Side effects vary from one person to another. Some will not notice a thing; others will feel groggy, but good enough to work; others will need to take to their beds (or hammocks in my case). “A really important component, is age,” Prof Andrew Pollard, who led trials of the Oxford-AstraZeneca vaccine, stated in a recently published news story. “The older you are, the less the side effects – the over-70s have almost no side effects.”

It is concerning that Belizeans have been slow to uptake COVID19 vaccination. The only vaccine the government has been able to procure are donations of the India manufactured AstraZeneca. The country’s health ministry has come under intense scrutiny under the new government for various missteps.

Dr. Ron Hyde is an eminent Belize-born medical doctor educated in the U.S.A. and specialist physician at Arizona’s Southwest Kidney Institute. He visits his family here regularly. His brother Evan X Hyde chairman of the Amandala Media Group of companies, is my good friend. Dr. Ron Hyde along with several highly regarded Belize physicians such as world-class epidemiologist Dr. Marvin Manzanero freely share general advice on health issues and latest medical news on social media. Dr. Hyde’s advice on whether or not to take the COVID19 vaccine:

Here is what we must all consider.
1. The vaccines are remarkably safe.
2. The vaccines are remarkably effective at preventing severe illness and death in the recipient, but not foolproof.
3. Because the vaccine is not 100% perfect at protection, the safety of the recipients still depends partly on the willingness of more people to get vaccinated and reduce the circulation of the virus, thereby protecting fellow humans. (It is literally the MOST “Christian “thing we have been asked to do in our lifetime: look out for our “brother”.)
4. The slower we are at achieving “herd immunity”, and the more the virus circulates, the greater the chance of developing a mutant that COULD elude the vaccine, be even more deadly, (Ebola as an example) and kill the entire world.

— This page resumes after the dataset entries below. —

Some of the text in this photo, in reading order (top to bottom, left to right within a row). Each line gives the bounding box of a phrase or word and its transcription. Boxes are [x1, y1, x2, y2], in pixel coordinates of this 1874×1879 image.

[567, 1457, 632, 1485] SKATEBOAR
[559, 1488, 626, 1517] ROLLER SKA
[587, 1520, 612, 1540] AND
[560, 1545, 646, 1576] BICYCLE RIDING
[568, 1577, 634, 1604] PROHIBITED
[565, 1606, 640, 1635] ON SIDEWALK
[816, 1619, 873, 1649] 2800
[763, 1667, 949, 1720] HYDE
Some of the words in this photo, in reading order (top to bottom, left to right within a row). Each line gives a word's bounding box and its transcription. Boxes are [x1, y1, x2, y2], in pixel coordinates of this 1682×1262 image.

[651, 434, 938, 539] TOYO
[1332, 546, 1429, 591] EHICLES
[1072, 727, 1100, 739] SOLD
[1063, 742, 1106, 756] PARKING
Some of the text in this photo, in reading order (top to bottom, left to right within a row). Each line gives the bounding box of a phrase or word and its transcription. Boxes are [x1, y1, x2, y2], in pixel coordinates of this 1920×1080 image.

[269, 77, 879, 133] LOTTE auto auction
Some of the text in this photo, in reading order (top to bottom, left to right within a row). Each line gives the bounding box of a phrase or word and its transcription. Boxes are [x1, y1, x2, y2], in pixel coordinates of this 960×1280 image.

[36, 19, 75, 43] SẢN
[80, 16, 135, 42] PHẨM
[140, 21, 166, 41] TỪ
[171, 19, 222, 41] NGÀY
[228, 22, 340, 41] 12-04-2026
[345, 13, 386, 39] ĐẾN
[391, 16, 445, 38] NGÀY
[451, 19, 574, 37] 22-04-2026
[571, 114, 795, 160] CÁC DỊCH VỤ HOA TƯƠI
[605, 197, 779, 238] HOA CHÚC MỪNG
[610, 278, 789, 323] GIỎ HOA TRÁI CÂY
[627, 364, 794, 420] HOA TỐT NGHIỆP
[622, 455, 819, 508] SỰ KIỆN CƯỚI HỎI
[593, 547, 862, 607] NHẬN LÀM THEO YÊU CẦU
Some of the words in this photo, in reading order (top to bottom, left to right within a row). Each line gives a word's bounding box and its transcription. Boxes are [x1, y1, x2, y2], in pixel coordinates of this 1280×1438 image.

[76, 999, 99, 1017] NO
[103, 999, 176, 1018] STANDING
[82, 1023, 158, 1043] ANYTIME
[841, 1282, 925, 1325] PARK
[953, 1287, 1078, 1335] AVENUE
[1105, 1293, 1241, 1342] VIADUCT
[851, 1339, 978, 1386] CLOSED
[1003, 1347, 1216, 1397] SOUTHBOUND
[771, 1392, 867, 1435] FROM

On day two post vaccine batch #41202029. Mild fever and musculoskeletal pain held at bay by the acetaminophen. I managed to do 25 minutes slow walk exercise. My blood pressure which was a little elevated (perhaps due to the vaccine or the associated stress), is trending down.The medical doctors advise to get on your feet ASAP and move to reduce the possibility of blood clots or deep vein thrombosis. Their advice is that boosting circulation with regular physical activity can reduce your risk of blood clots by up to 39% in women and 22% in men.

Now at almost two weeks post vaccine date, the fatigue and musculoskeletal pain are almost gone but lingering. The doc thinks this meant I may have a good immune system as that is an indicator of good vaccine response.

June Update: The time came for my second AstraZeneca vaccine. This time I only got mild side-effects limited to one day. All is good.

Article by M.A. Romero Chief Information Officer Government of Belize (RET).